Unitary Owen points in cooperative lot-sizing models with backlogging
Luis A. Guardiola, Ana Meca, Justo Puerto
TL;DR
This paper advances cooperative lot-sizing with backlogging by introducing unitary Owen points, a dual-based pricing mechanism that extends the Owen point to SI-games with heterogeneous costs. It proves that SI-games are totally balanced via Pochet–Wolsey duality, and provides necessary and sufficient conditions (involving weights $eta_t^S$) under which unitary Owen points lie in the core, supported by extensive simulations. A fundamental link to production-inventory (PI) games is established through surplus games, showing that SI-core allocations correspond to Owen points of PI-situations derived from surplus-core allocations, with nucleolus correspondence. The approach yields a practical framework for fair cost allocations and offers a new avenue to leverage well-understood PI-game results to analyze SI-games.
Abstract
Cooperative lot-sizing models with backlogging and heterogeneous costs are studied in Guardiola et al. (2020). In this model several firms participate in a consortium aiming at satisfying their demand over the planing horizon with minimal operation cost. Each firm uses the best ordering channel and holding technology provided by the participants in the consortium.
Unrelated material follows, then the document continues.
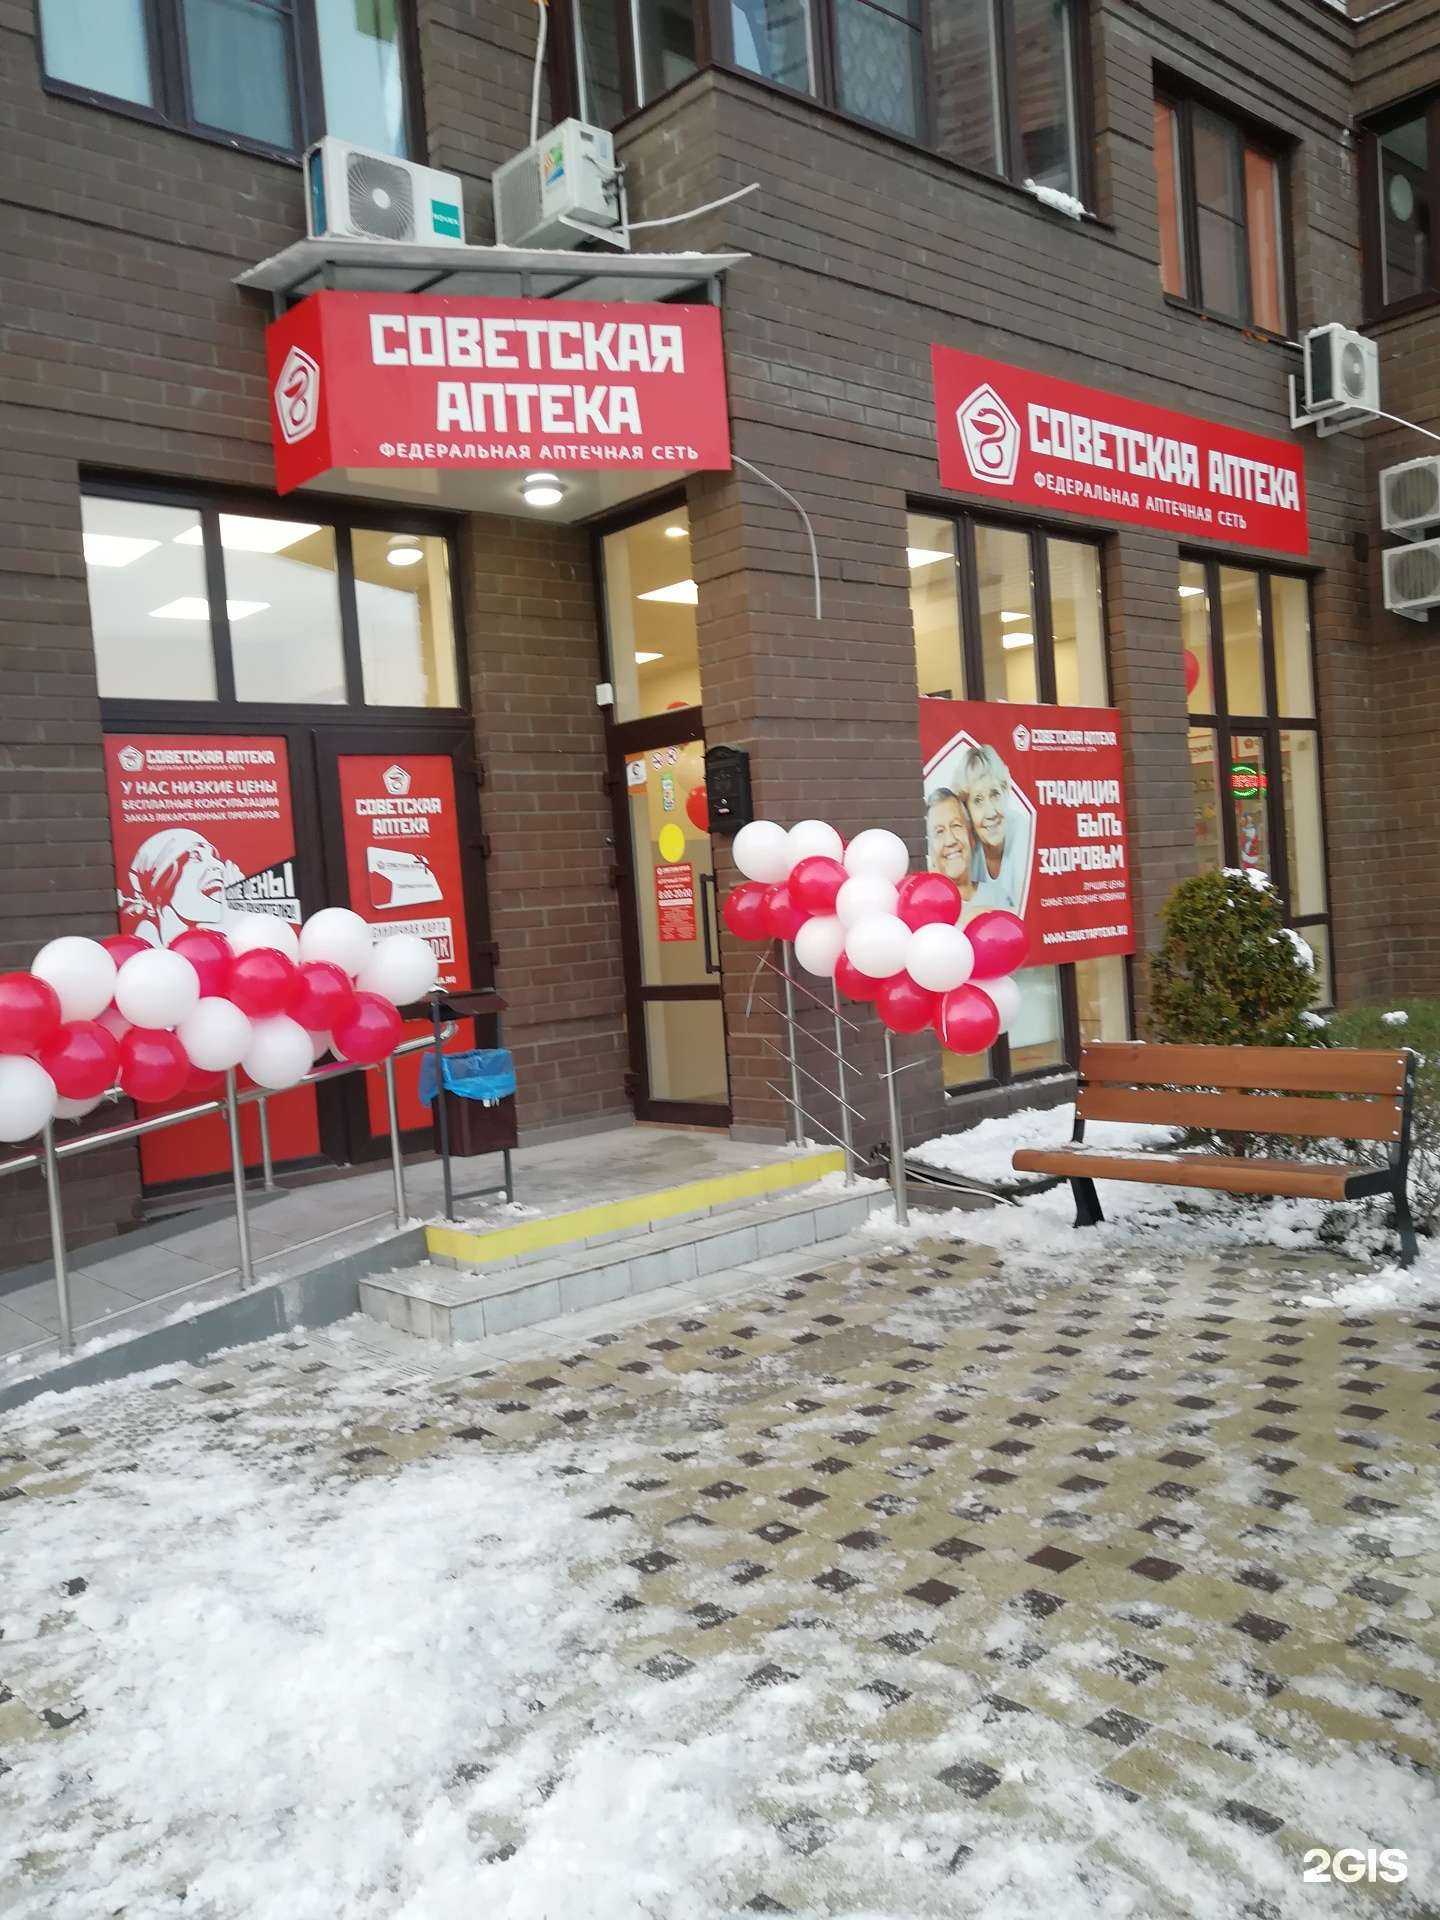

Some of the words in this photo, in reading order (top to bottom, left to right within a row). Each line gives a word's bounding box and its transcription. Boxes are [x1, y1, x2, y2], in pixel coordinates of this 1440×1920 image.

The authors show that there are always fair allocations of the overall operation cost among the firms so that no group of agents profit from leaving the consortium. This paper revisits those cooperative lot-sizing models and presents a new family of cost allocations, the unitary Owen points. This family is an extension of the Owen set which enjoys very good properties in production-inventory proble, introduced by Guardiola et al. (2008). Necessary and sufficient conditions are provided for the unitary Owen points to be fair allocations. In addition, we provide empirical evidence, throughout simulation, showing that the above condition is fulfilled in most cases. Additionally, a relationship between lot-sizing games and a certain family of production-inventory games, through Owen's points of the latter, is described. This interesting relationship enables to easily construct a variety of fair allocations for cooperative lot-sizing models.